The vilest deeds like poison weeds
Bloom well in prison air:
It is only what is good in man
That wastes and withers there.
-- Oscar Wilde, The Ballad of Reading Gaol
Some violent criminals are more desirable than others. Colorado residents take pride in the fact that although home to Supermax, its residents are, by and large, the kinds of prisoners any state would be proud to claim as residents.
Supermax is a maximum-security prison of the very best sort. It was built in 1994 at a cost of $60 million and in 2007 had a staff of 347 people and more than 400 inmates. Inmates live in cells that range in size from 77 to 87 square feet. Its construction was inspired after two guards were murdered in one day in the federal prison in Marion, Ill, a prison that was conceived as the successor to the then closed Alcatraz. Following their murder federal officials concluded that what was needed was a REALLY secure prison where prisoners would be unable to murder their minders.
Prisoners in Supermax are locked in their cells 23 hours a day in isolation and permanent lockdown. In a 78 cell "control unit" where the worst of the worst are sent, inmates are prohibited from having any contact with the outside world.
The list of prisoners who have been or are presently at Supermax is quite distinguished as prison rosters go. It includes Theodore Kaczynski, the famous "Unabomber", Harvard class of 1962 from where he went on to earn his PhD. at the University of Michigan following which he became an assistant professor at the University of California, Berkeley when only 25 years old. He left there after two years, eventually moving to a cabin in Montana slightly larger than the cell in which he now resides from which he sent out 16 bombs to people and entities against whom he had grudges, killing 3 people and injuring 23. Arrested in 1996 he is now a permanent resident of Supermax.
Although Mr. Kaczynski is the most distinguished inmate academically, he is not the only prominent resident of Supermax. Richard Reid, the famous if somewhat inept "shoe bomber" who unsuccessfully tried to use a match to ignite a fuse to a bomb protruding from one of his shoes while on a flight over the Atlantic, is another of the residents. He is at the opposite end of the spectrum intellectually from Mr. Kaczynski.

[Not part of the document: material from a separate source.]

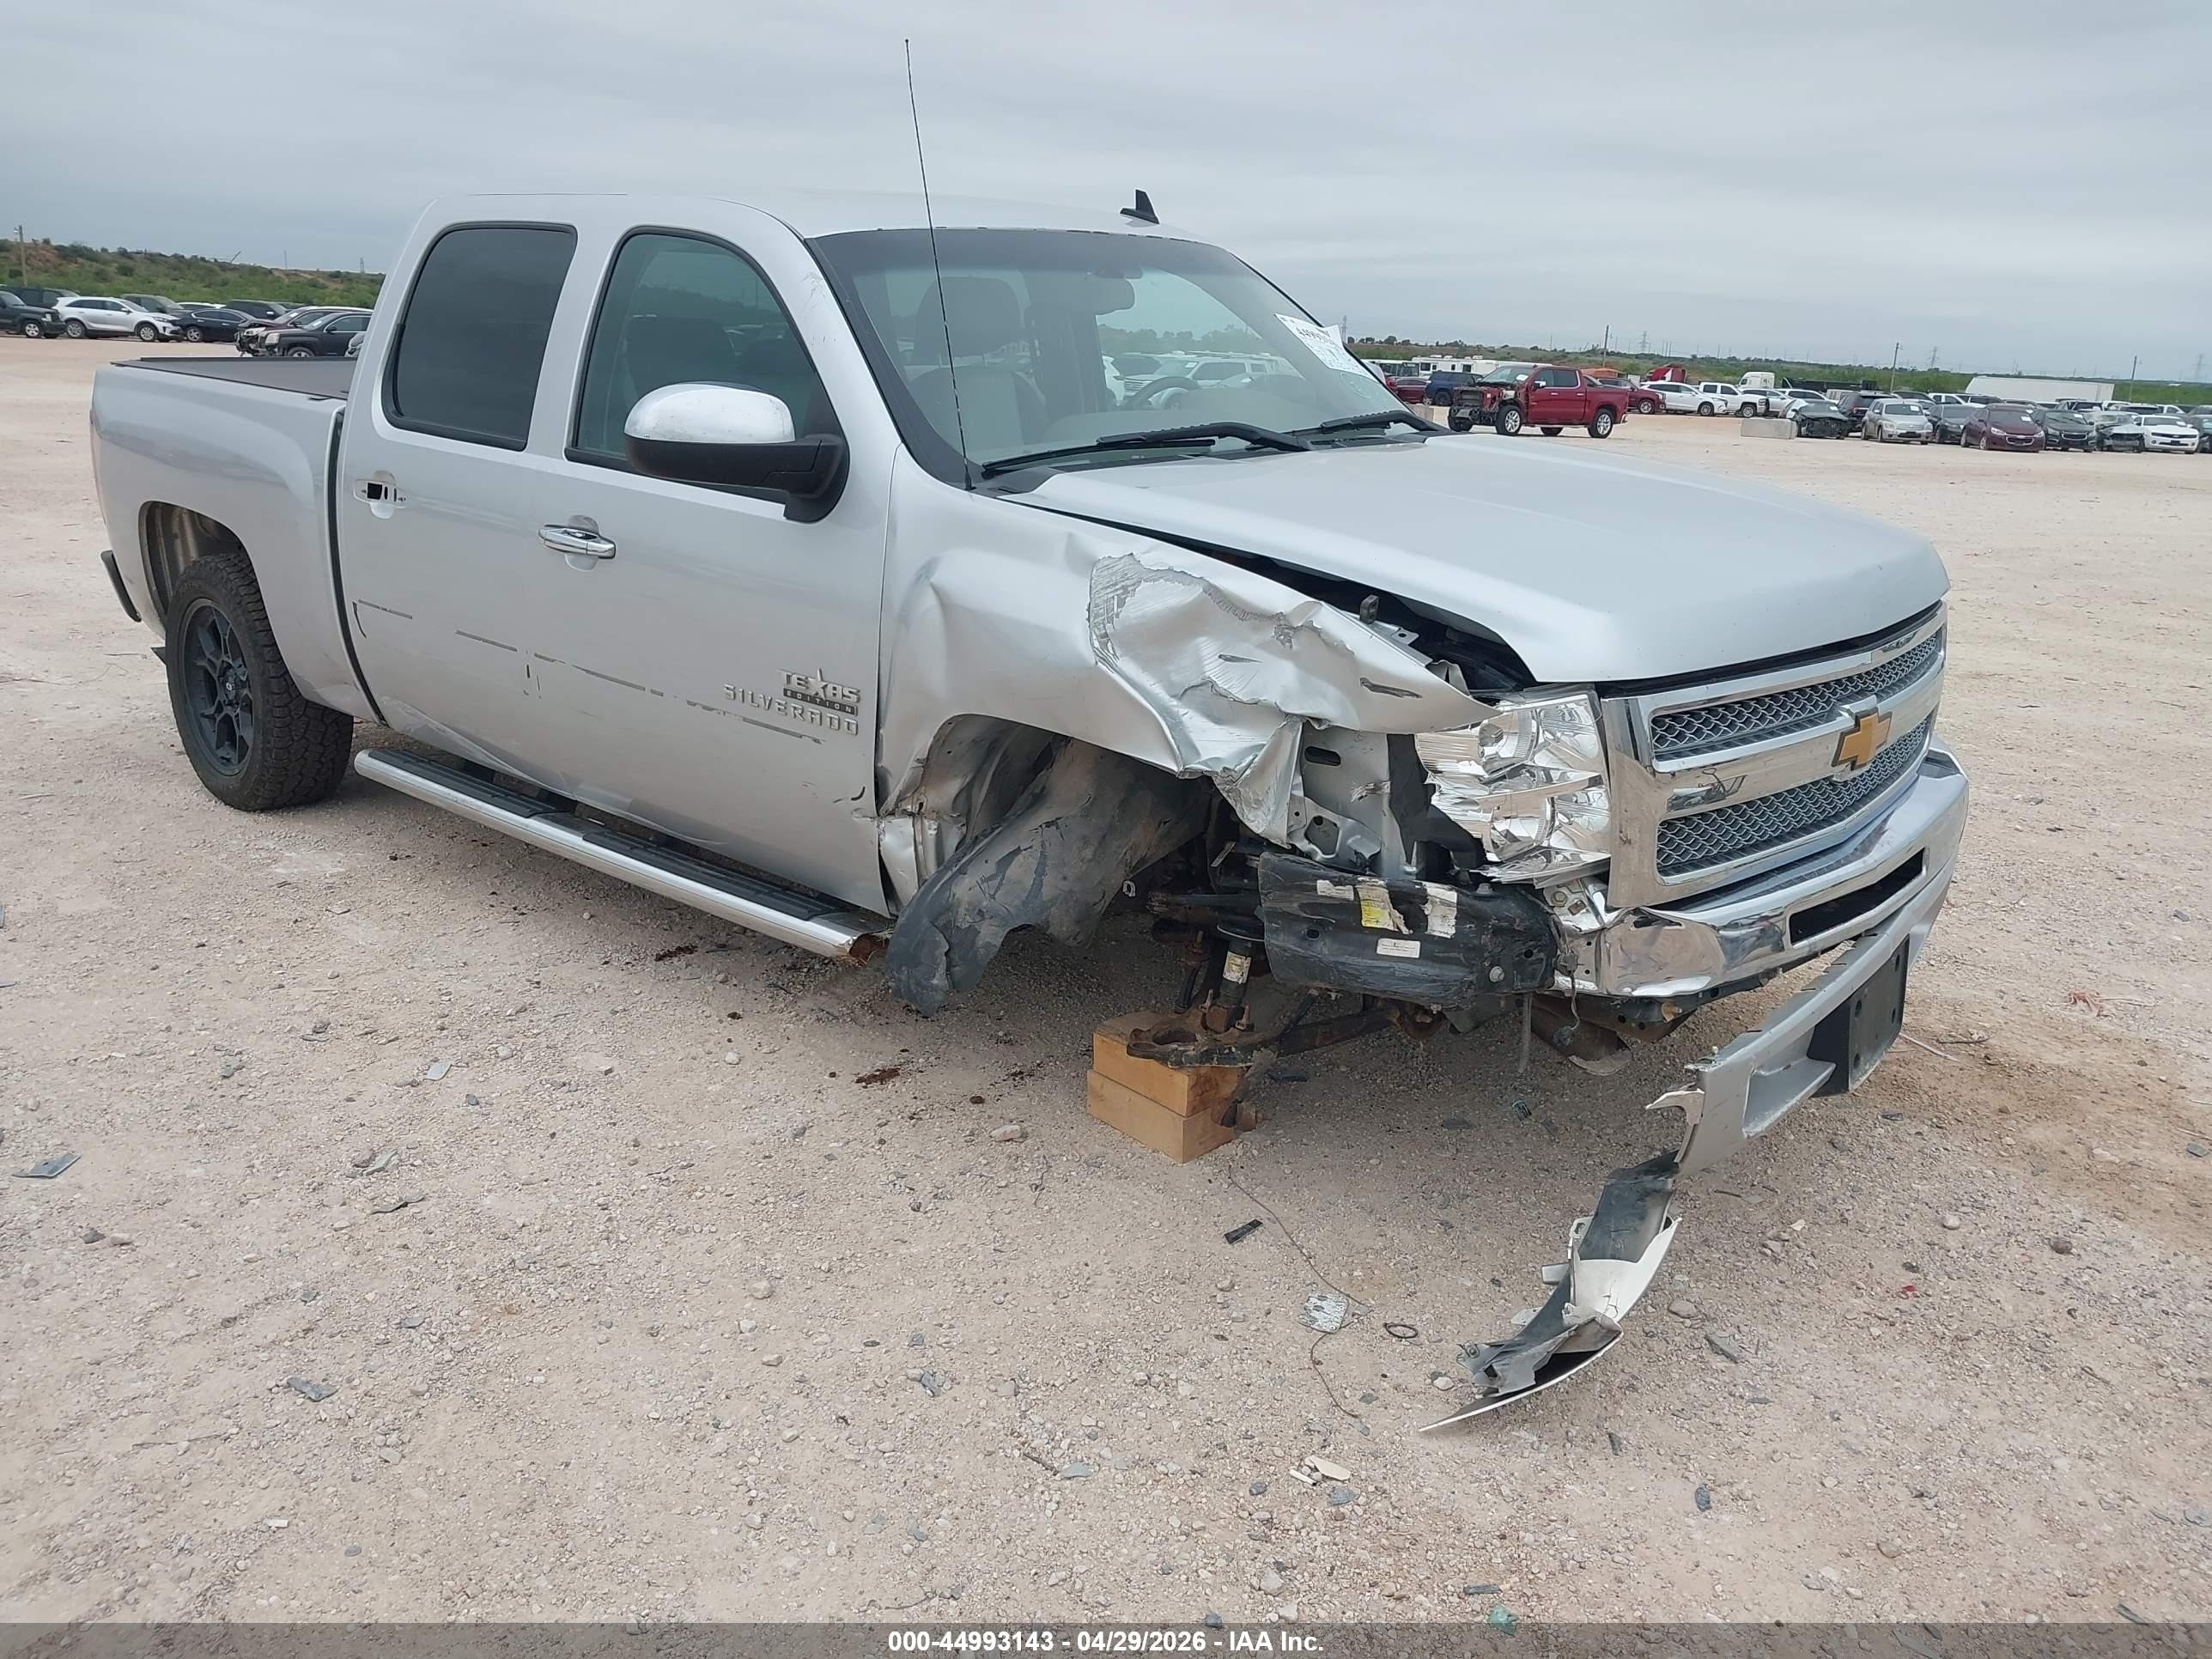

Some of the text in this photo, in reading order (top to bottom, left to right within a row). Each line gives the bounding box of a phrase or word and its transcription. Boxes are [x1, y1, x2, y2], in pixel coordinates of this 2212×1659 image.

Between these two men are more than 400 other violent criminals including, Acardo Slimonelli, a professional hit man having more than 30 counts of murder to his credit and Rodney Curtis Hamrick who, while incarcerated at the U.S. Penitentiary in Leavenworth, Kansas managed to construct and mail a letter bomb to the U.S. Court of Appeals for the 4th Circuit.
Now that President Obama has decided to close Guantanamo the question is where will he put the former detainees. One obvious answer is to put them in extant prisons in the United States, if the prisoner being placed is a person whose former activities suggest the need for further incarceration. Inmates of Guantanamo who have done nothing wrong should not be difficult to place. For the violent types, however, some members of the Colorado Legislature have let it be known they would not be welcome at Supermax.
Thirty-four Republicans and 3 Democrats have signed a petition in opposition to polluting the distinguished population now resident at Supermax by introducing unsavory sorts from Guantanamo.
The petition signing was organized by Sen. Ken Kester of Las Animas, Colorado and Representative Cory Gardner from Yuma, Colorado. The first thought the casual observer had was that Messrs. Kester and Gardner did not think it appropriate that Guantanamo inmates should be able to bypass the immigration procedural requirements imposed on all foreigners seeking to take up residence in the United States. That, however, has nothing to do with their concerns.
Although in the 16 years of operation there has never been an escape from Supermax Messrs, Kester and Gardner and the petition signers believe the possibility of the new residents escaping once introduced into the facility poses an unacceptable threat to people living near the prison. Messrs. Gardner and Kester do not, apparently, think that Mr. Slimonelli with 30 murders to his credit would pose a threat to nearby residents were he to escape. Mr. Kester said: "I think we're putting the people of Colorado in jeopardy because in that prison there's going to be a lot of bad things happen. These are the meanest, worst people in the world. They can do so much damage with a prison." A murderer with a corpse credit of 30 is apparently not someone Mr. Kester would consider one of the "worst people in the world."
Like the petition signers, I hope that the Guantanamo detainees don't end up in Colorado. It would spoil the nice atmosphere that now exists at Supermax to have those kinds of people housed there.